Temperatures across northwestern Colorado, including Summit County, were 2 to 4 degrees above average.

For the 2011 water year ending Sept. 30, the region mostly experiences wetter-than-average conditions, with more than 150 percent of average precipitation occurring in much of northern and western Utah, southwestern Wyoming, and northwestern Colorado.

Most of this widespread wet anomaly occurred during the December–May period as the storm tracks consistently favored those regions, leading to record snowpacks in many mountain locations. Both Utah and Colorado experienced a strong gradient from wet conditions in the northwest to dry in the southeast, with southeastern Colorado seeing less than 70 percent of average precipitation for the water year.

September precipitation was below average across much of the Intermountain West, with a single rainstorm accounting for the blue blob of above average readings south of Denver.

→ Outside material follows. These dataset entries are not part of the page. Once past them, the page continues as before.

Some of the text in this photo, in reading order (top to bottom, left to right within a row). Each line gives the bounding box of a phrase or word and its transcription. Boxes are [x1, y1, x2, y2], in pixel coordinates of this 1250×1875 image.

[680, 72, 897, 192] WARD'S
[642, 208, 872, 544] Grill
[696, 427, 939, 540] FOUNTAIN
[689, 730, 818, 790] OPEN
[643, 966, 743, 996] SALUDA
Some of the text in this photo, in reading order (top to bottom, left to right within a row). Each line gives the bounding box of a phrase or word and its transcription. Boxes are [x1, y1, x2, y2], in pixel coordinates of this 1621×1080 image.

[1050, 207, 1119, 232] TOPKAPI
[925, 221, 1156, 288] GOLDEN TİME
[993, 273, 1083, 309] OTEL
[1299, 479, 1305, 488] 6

After a large and moist storm system moved through the region during the first week of October, manyt high-elevation SNOTEL sites throughout the region showed well-above-average snow-water-equivalent readings for the date, with some sites in southwestern Colorado, northeastern Utah, and central Wyoming reporting up to 4 inches of snow-water equivalent.

An early October snowstorm resulted in some above-average readings at automate SNOTEL sites.

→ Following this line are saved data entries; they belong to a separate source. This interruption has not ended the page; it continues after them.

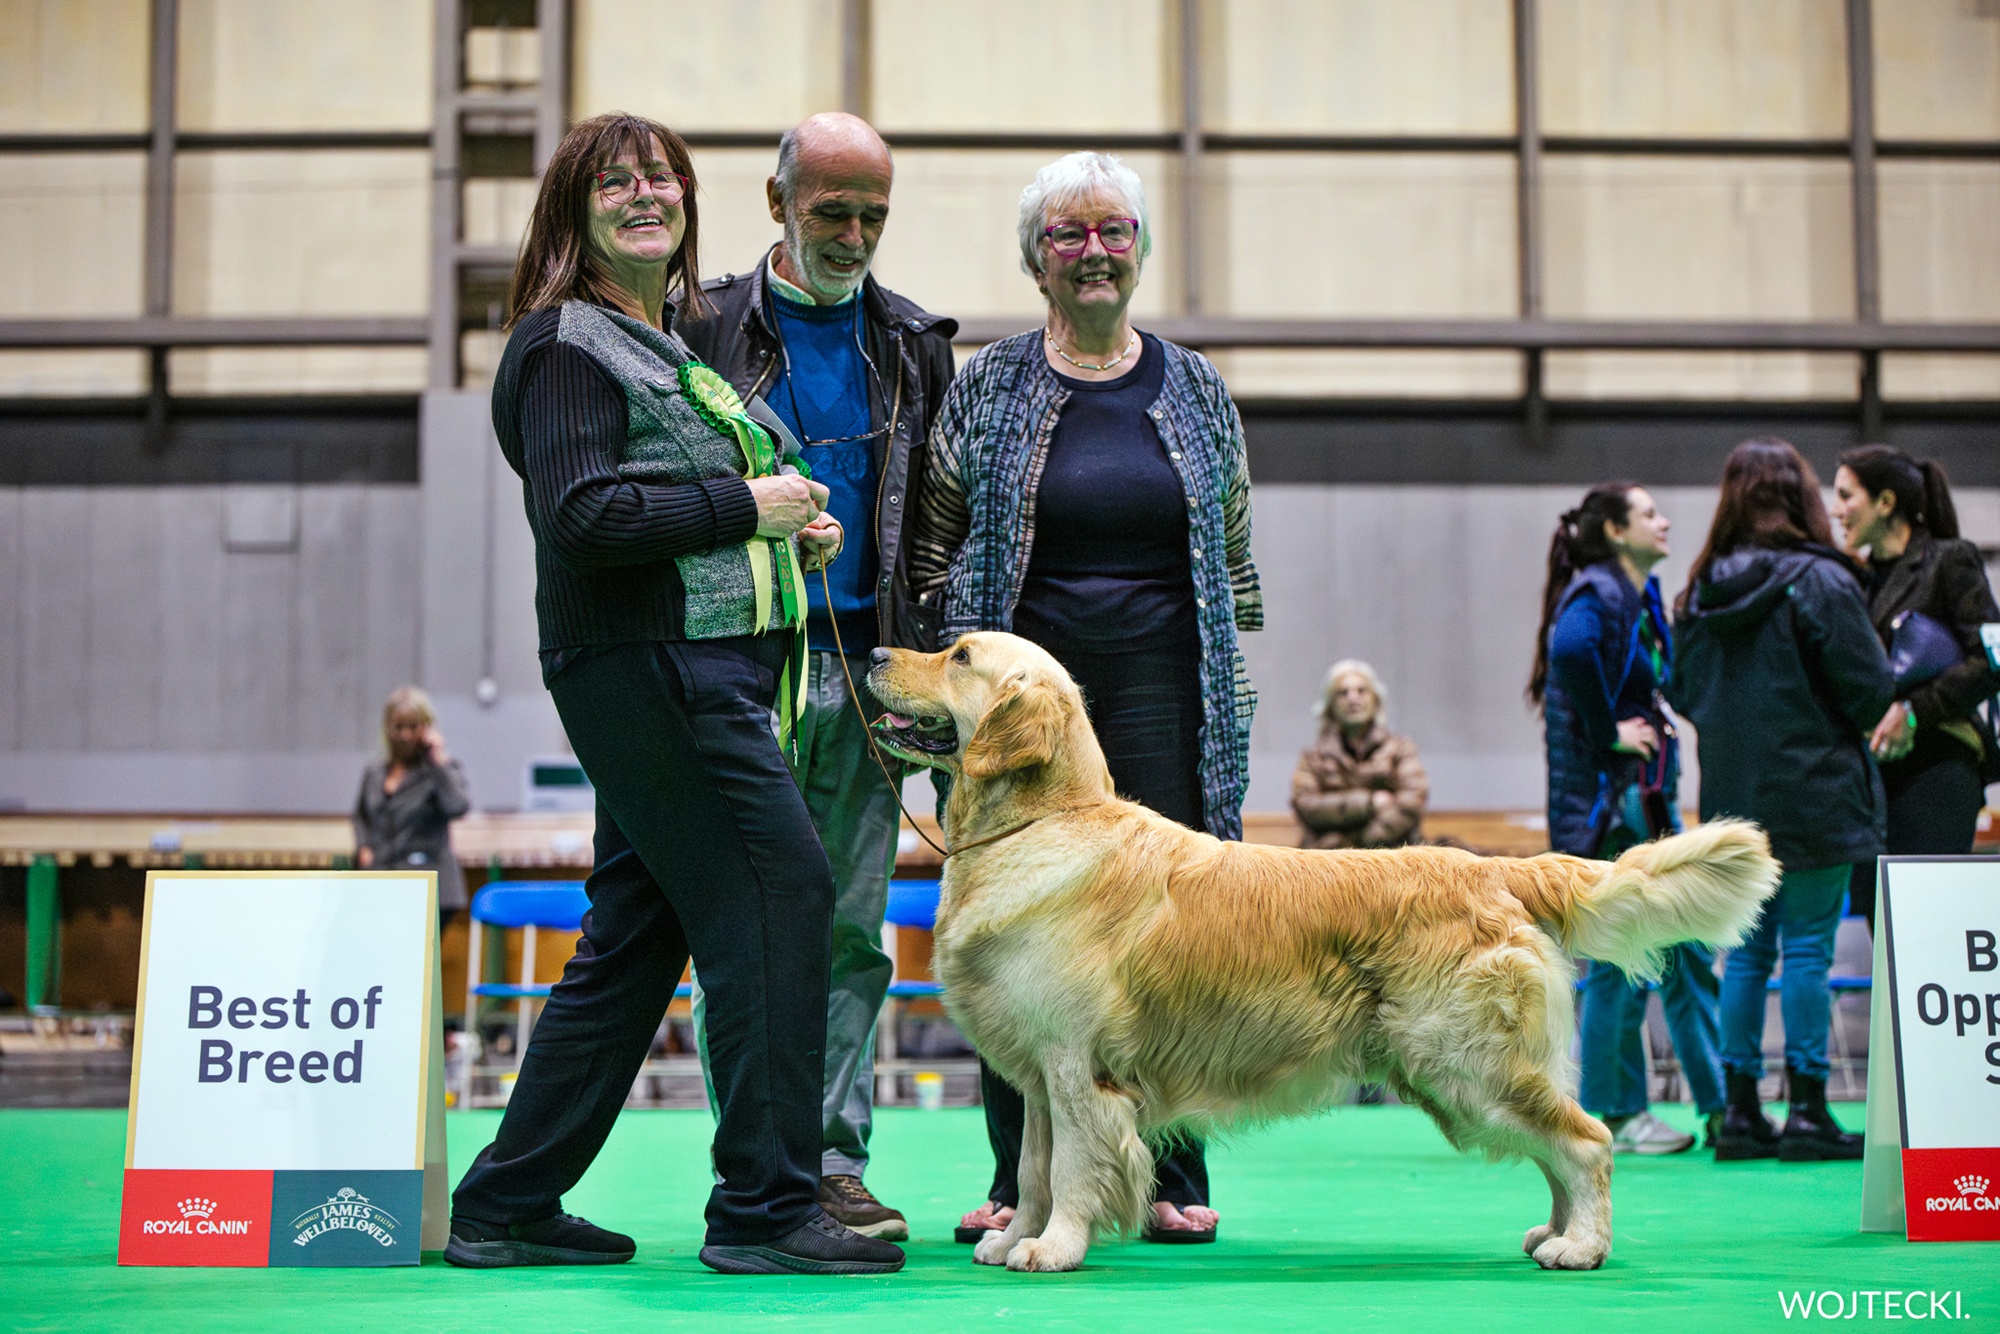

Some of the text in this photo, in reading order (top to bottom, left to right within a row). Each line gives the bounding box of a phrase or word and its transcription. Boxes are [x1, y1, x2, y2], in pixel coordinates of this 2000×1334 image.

[188, 985, 383, 1029] Best of
[198, 1039, 363, 1084] Breed
[322, 1204, 372, 1220] JAMES
[1925, 1197, 1972, 1212] ROYAL
[143, 1220, 193, 1235] ROYAL
[292, 1216, 394, 1247] WELLBELOVED

The full Western Water Assessment October report is online here.


2 thoughts on “Climate: Intermountain West warm & dry in September

  1. This article appears to be grasping at straws to make the case for the alleged global warming. I spent months in all parts of Wyoming this year and it was the greenest, wettest year I have seen in over 40 years of travel in that state. One month does not constitute a pattern. I encourage reporting of these statistics, but please acquire them in a manner that shows a clear trend, not “the world is ending because one month was dry!”.

    1. Not to quibble, but I report these and other stats on a regular basis, month by month. I just recently reported that Breckenridge reported its 4th-wettest year on record, going back more than 100 years.

      I’ve been reporting these stats for about 15 years, so that gives me a pretty good feel for trends, and the fact is, it’s getting warmer and drier. I think you’re the one who is cherry picking by saying that, since Wyoming happens to be wet and green for a few months, maybe there is no global warming.

      If you look just at Summit County temps as recorded by Denver Water at their Dillon station, there have only been two or three months in the past 10 years when temps have been below the 20th century average, and that holds true for most other official weather observation sites across the West.